それはそれでおもしろいだろうし。惜しかったわ」

 コウタとわくが、惜しいのか?、と顔を見合わせて首をかしげている。

「ちょっとお、なら、くりこさん!はじめっからその人に聞いたら早かったじゃないすか。

湧水一族のこと!」

とコウタがいう。

「そんなの、まず、リンクしなくない?

千年前の伝説の指輪の件はアカシック・レコードに問い合わせましょ、なんて、まずそんな素敵な発想、まったく思い浮かばないわ。

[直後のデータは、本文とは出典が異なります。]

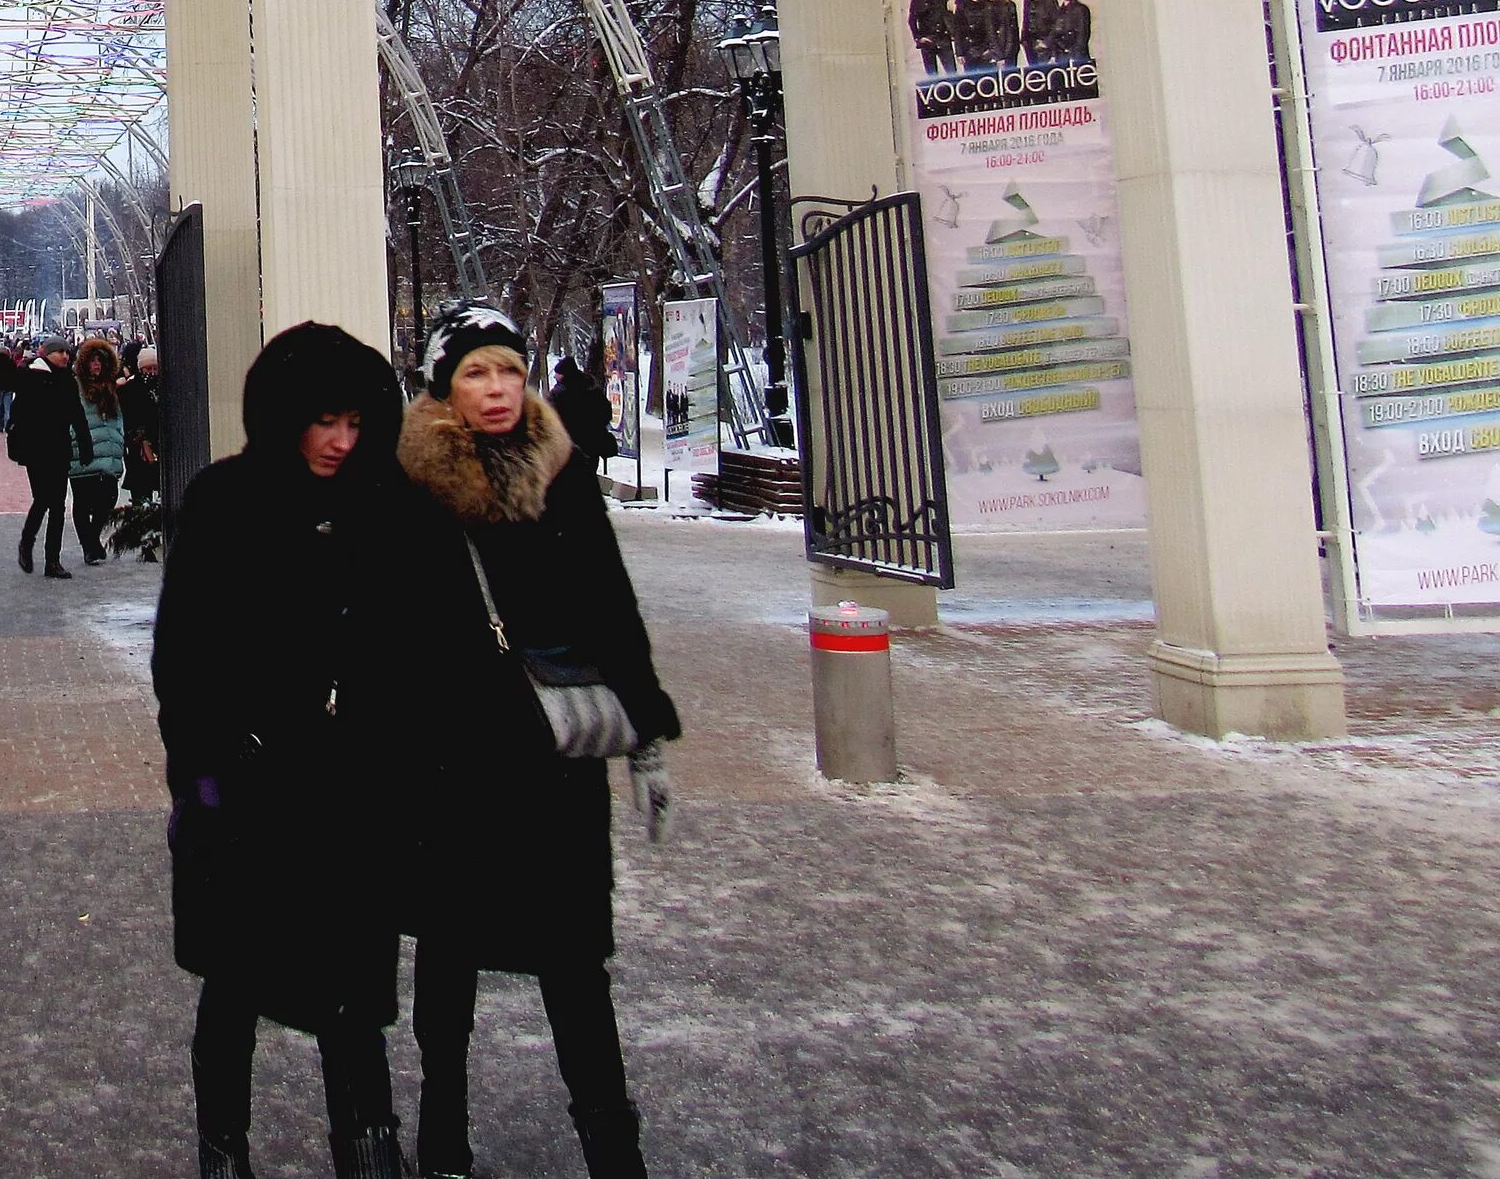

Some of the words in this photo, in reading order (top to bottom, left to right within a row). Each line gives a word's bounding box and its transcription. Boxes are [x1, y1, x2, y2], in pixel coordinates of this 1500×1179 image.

[1330, 26, 1452, 63] ФОНТАННАЯ
[1458, 20, 1500, 48] ПЛО
[1377, 66, 1385, 82] 7
[1389, 60, 1442, 81] ЯНВАРЯ
[1446, 55, 1480, 75] 2016
[917, 59, 1099, 106] vocaldente
[1413, 76, 1495, 101] 16:00-21:00
[926, 114, 1015, 141] ФОНТАННАЯ
[1019, 106, 1096, 131] ПЛОЩАДЬ.
[968, 137, 1008, 153] ЯНВАРЯ
[1009, 134, 1035, 150] 2016
[1036, 131, 1065, 147] ГОДА
[1354, 372, 1388, 393] 18:30
[1391, 369, 1414, 390] THE
[981, 400, 1015, 419] ВХОД
[1018, 389, 1098, 415] СВОБОДНЫЙ
[1369, 398, 1444, 422] 19:00-21:00
[1419, 430, 1465, 454] ВХОД
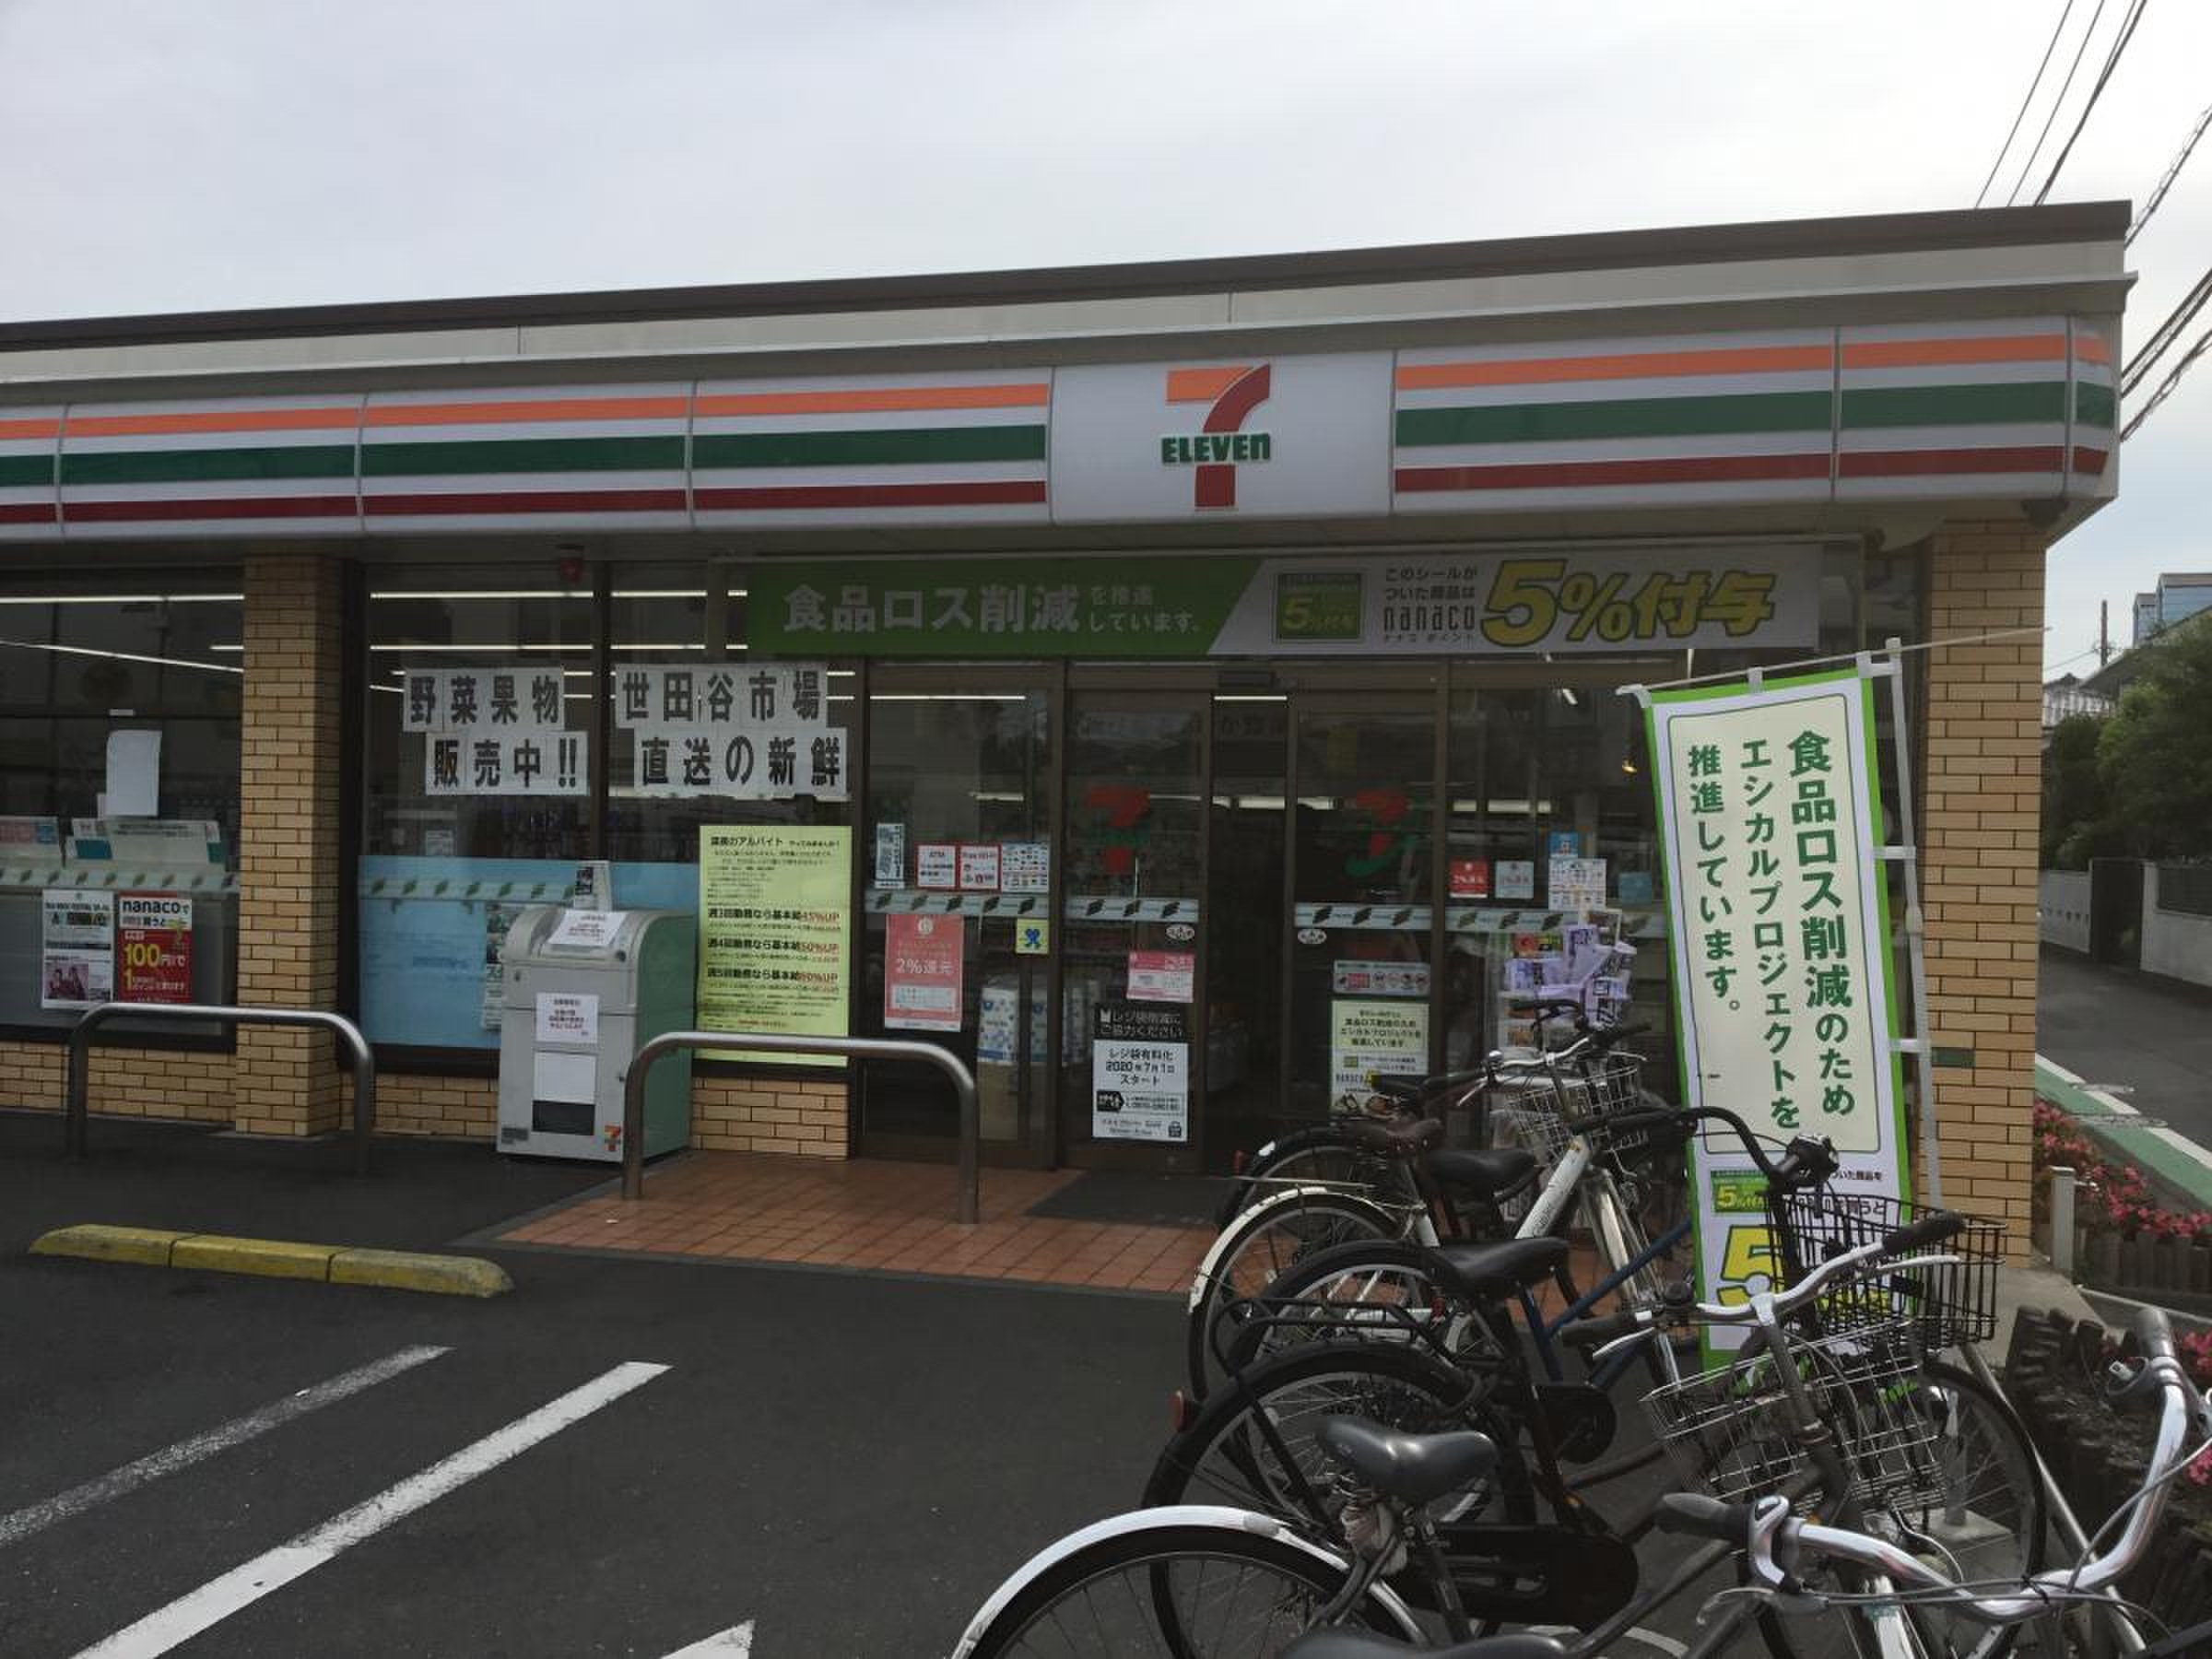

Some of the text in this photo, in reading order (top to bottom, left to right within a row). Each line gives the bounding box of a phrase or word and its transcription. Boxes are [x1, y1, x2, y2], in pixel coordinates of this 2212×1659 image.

[1166, 363, 1270, 508] 7
[783, 585, 1079, 633] 食品ロス削減
[1384, 606, 1475, 631] nanaco
[1480, 559, 1775, 647] 5%付与
[411, 676, 559, 724] 野菜果物
[623, 670, 821, 721] 世田谷市場
[641, 735, 841, 785] 直送の新鮮
[1688, 744, 1740, 1011] 推進しています。
[1741, 739, 1800, 1130] エシカルプロジェクトを
[1787, 730, 1855, 1116] 食品ロス削減のため

 にしても、シガはあれだけ教えてくれて無料だから良心的だよね」

と私がいうと、わくが

「でも昨日はくりこさんに有意義な情報とか、とくにはなかったじゃないですか。

こっから有料ですよ、きっと。リングで呼び出して聞くのも3回まで無料、4回目から有料で、携帯料金といっしょに引き落とされるんですよ」

といった。

「なんじゃこりゃああああ、みたいな金額なんだよな、きっと」とコウタ。

「宇宙回線使ってるしな」

「わく、もうフリー通話2回も使ってるじゃない!!私は3回残ってるもんね」

とかなんとか、うだうだと意味のない話しをしながら、

新旧の住宅街を回り道して、遊歩道から目的地へと歩いていった。

新興住宅地は道路が整備されているが、古い家が集まる居住区は、

道がアットランダムに通っているので、ジグザグに歩くしかなかった。

直線距離なら2~3分で到達するところに、倍も時間がかかったりする。

30分ほど歩いて、やっと高台があったと思しき場所に着いた。